After two years of teaching, my career path took a turn for the educational-software industry, where I was paid to break software and tell non-English-speaking programmers what I did to break it so they could make the software student-proof.  (I rocked at that job.)  Eventually I freelanced for that company as a software author, writing lesson “scripts.”


Down the road, I learned about Internet message boards, blogging, Facebook, Twitter and more.  My husband (who’s been a computer programmer since 1995) has kept me in gadgets starting with my very first Palm PDA up through a Kindle, iPad and iPhone.
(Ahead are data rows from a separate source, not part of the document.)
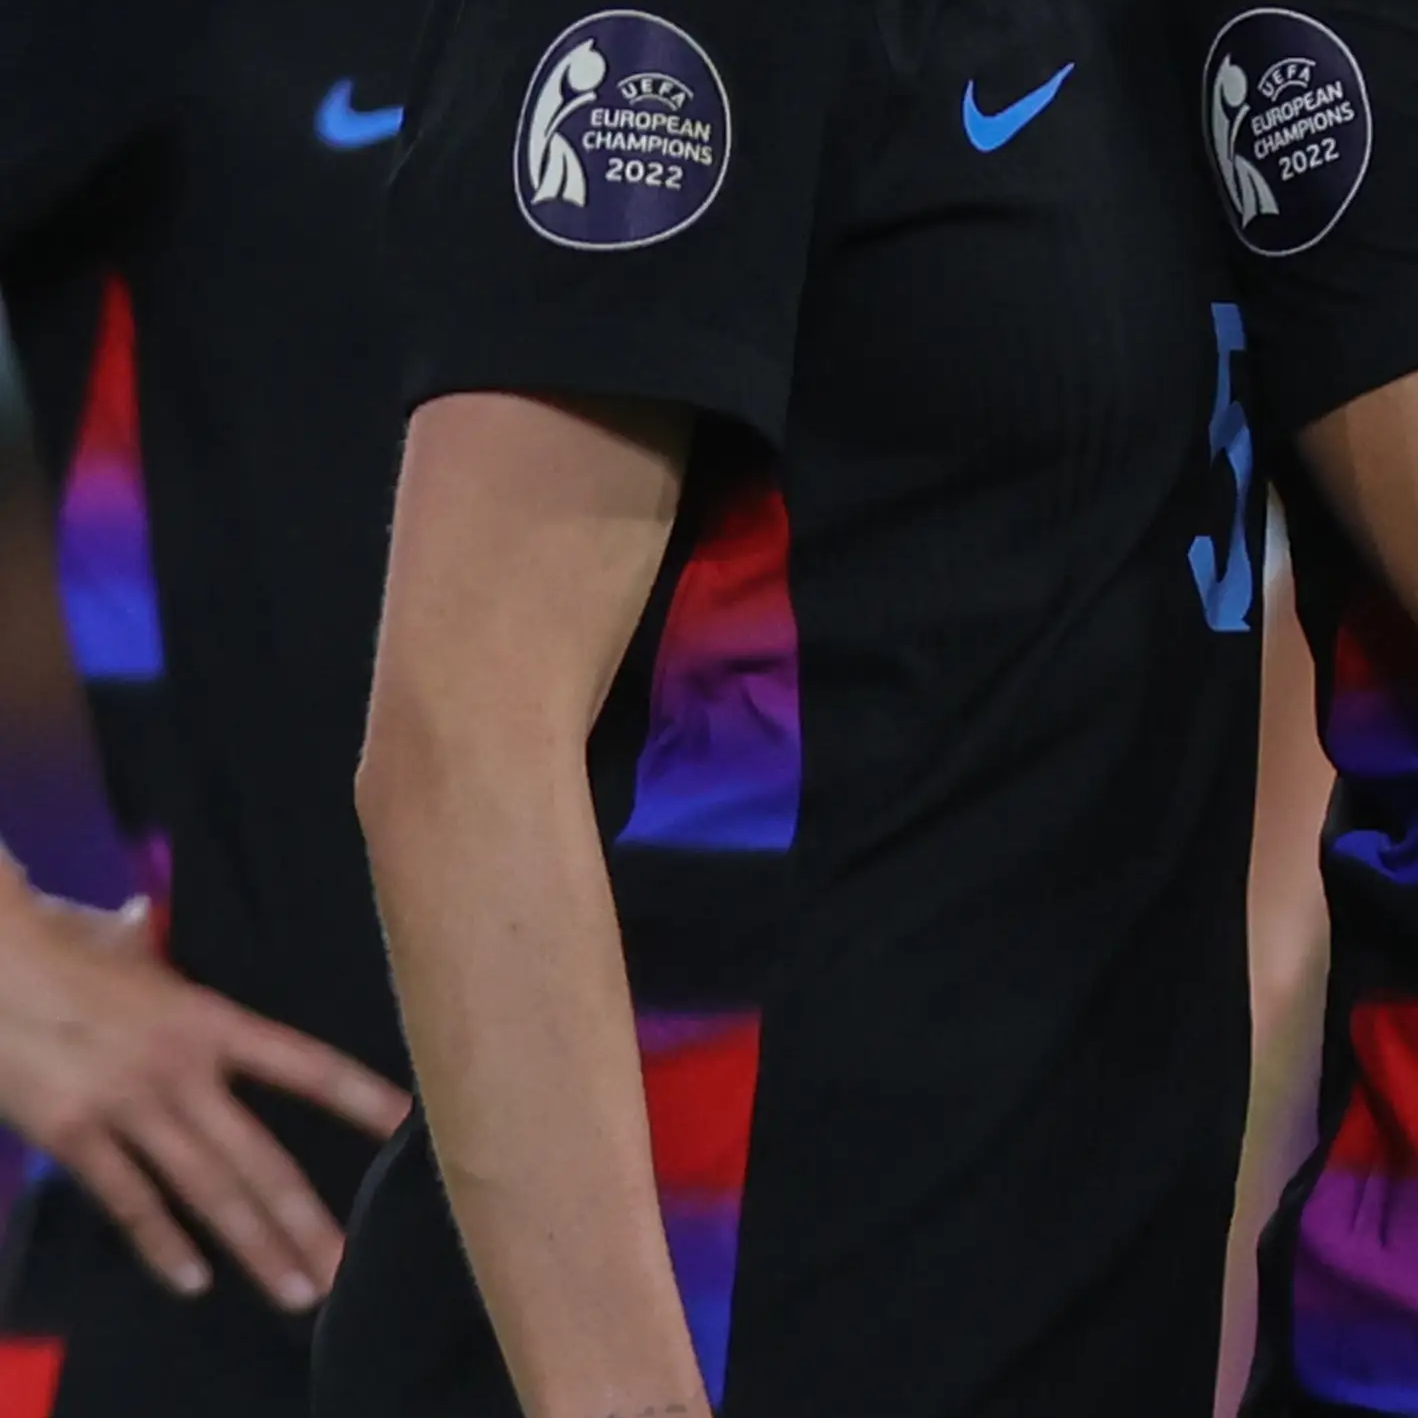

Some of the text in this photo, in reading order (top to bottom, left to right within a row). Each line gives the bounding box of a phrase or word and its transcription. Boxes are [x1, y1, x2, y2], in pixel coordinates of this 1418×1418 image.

[620, 78, 688, 109] UEFA
[1260, 63, 1311, 98] UEFA
[590, 107, 711, 142] EUROPEAN
[1251, 81, 1344, 136] EUROPEAN
[1253, 100, 1355, 160] CHAMPIONS
[582, 130, 713, 166] CHAMPIONS
[1278, 137, 1340, 182] 2022
[605, 157, 683, 191] 2022
I enjoy using technology in a variety of ways and look forward to sharing my favorite apps, websites and more, every other Tuesday at CatholicMom.com.  I also look forward to reading what the rest of the “Tech Talk” team shares, and am extremely grateful for this opportunity.


Today’s feature is Digital Prayer, in which I talk about the apps you can use to pray the Liturgy of the Hours.

Geek Out

I’m such a geek.

Last year the school librarian taught me how to enter books into the library’s computerized version of what used to be called a “card catalog.” (I used to type the index cards for actual card catalogs when I worked in a library during high school!) This involved using Mac computers, with a whole new operating system, not to mention the software for the library program.
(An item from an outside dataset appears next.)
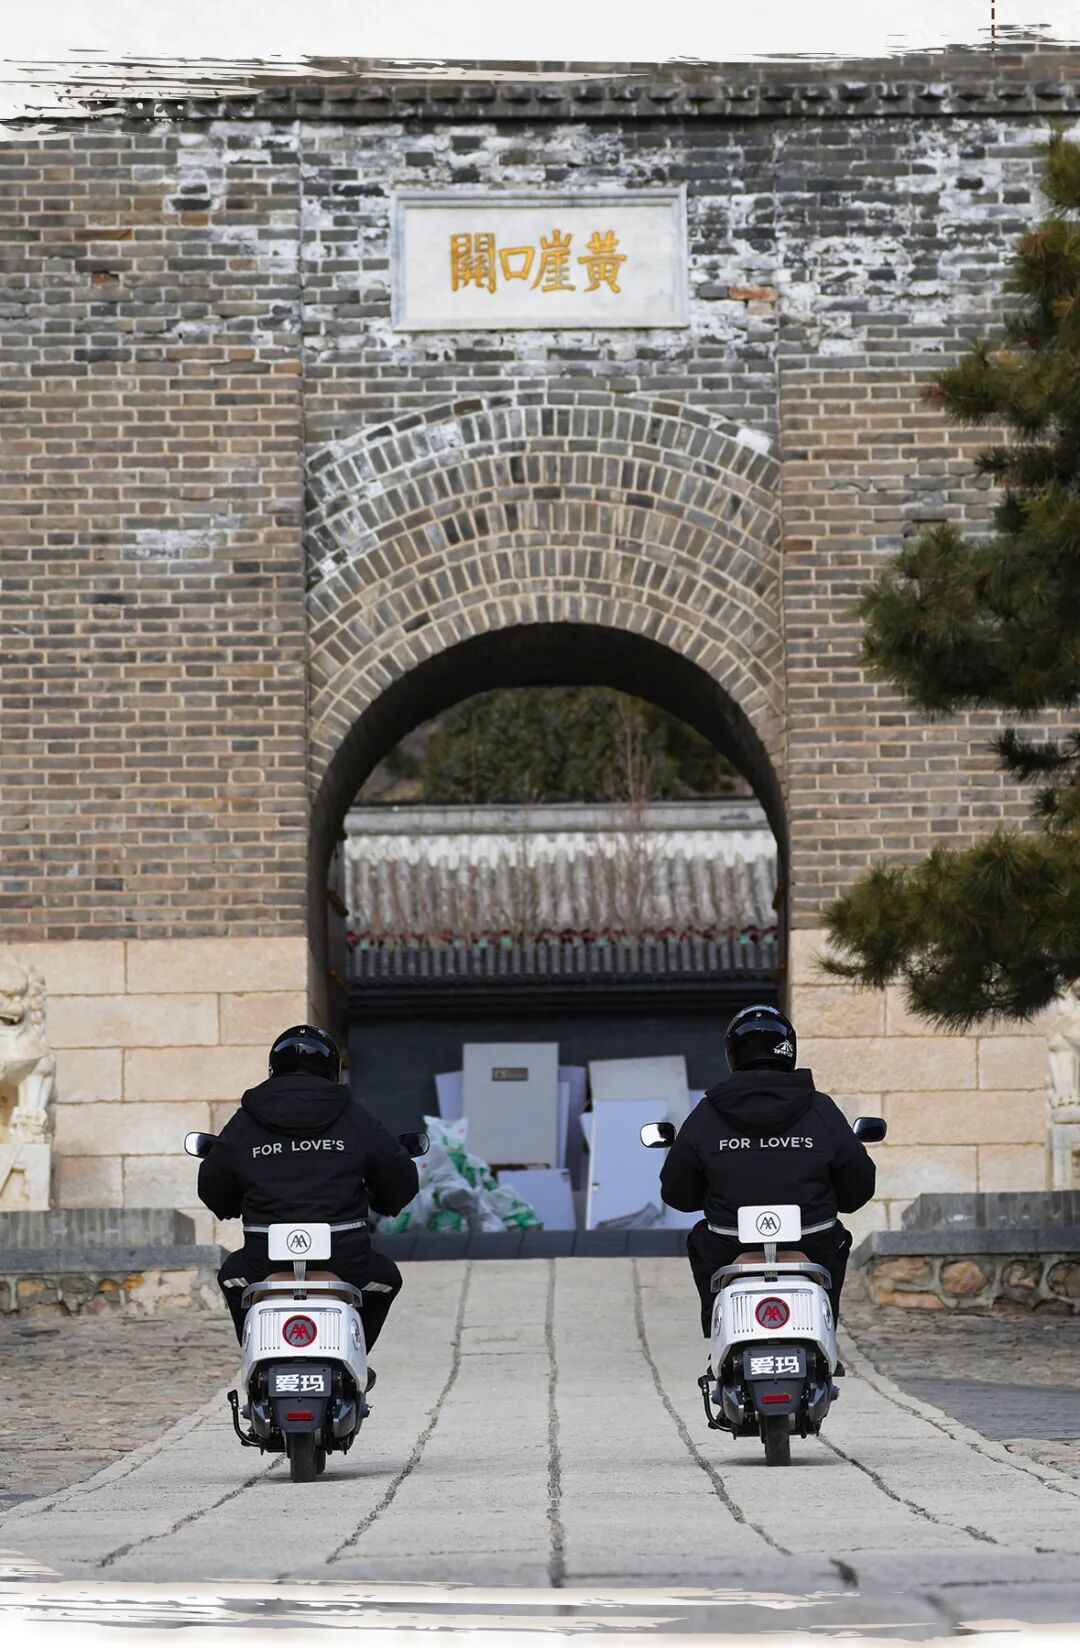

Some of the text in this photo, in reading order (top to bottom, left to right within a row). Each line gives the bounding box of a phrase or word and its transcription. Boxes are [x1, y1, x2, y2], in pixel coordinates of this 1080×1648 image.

[252, 1139, 345, 1158] FOR LOVE'S
[719, 1137, 814, 1150] FOR LOVE'S
[750, 1356, 800, 1375] 爱玛
[275, 1373, 325, 1392] 爱玛
So I made myself a little one-page “cheat sheet” to make it easier to remember these instructions week to week–not like I even had the opportunity to get to this task each week, so I didn’t have enough time to really get familiar with the job.

Now I have a Kindle, and some handy-dandy software that allows me to convert .PDF files to ebook format. I also have some other handy-dandy software that allows me to make .PDF files by copy-and-pasting from WORD. So I took that WORD document, changed it into a .PDF, then changed that into an ebook, which I promptly imported into the Kindle.

I’m a proud geek tonight.

Shiny New Learning Curve

Happy Mother’s Day!

I had little doubt in my mind that my family would give me a Mother’s Day gift of some electronic item. There’s a history here…it’s either electronics or a gift card.

My husband went a lot overboard this year and presented me with a shiny new laptop. Brand-spanking-new with a whole different operating system and everything. Hello, Windows 7!

I was instructed to go to the store sometime soon and purchase a book about how to use Windows 7. My husband has dealt with my frustration over learning new operating sytems in the past (cough, cough…Windows XP…Windows 98…Windows 95…) and while he loves giving techie gifts, he doesn’t love it when I’m stuck in that learning curve.

Right now he is in the middle of backing up all my pictures and documents and what-have-you from the old computer, which my mom will inherit. I, on the other hand, am getting used to a keyboard with things in different places (where are you, DELETE key?) and these flat keys. Ooops. I keep hitting the wrong things and turning on the caps lock when I want the shift, and…oh my, what are THOSE keys for?

If I’m late for tomorrow’s routine mammogram, it’s because I was busy playing.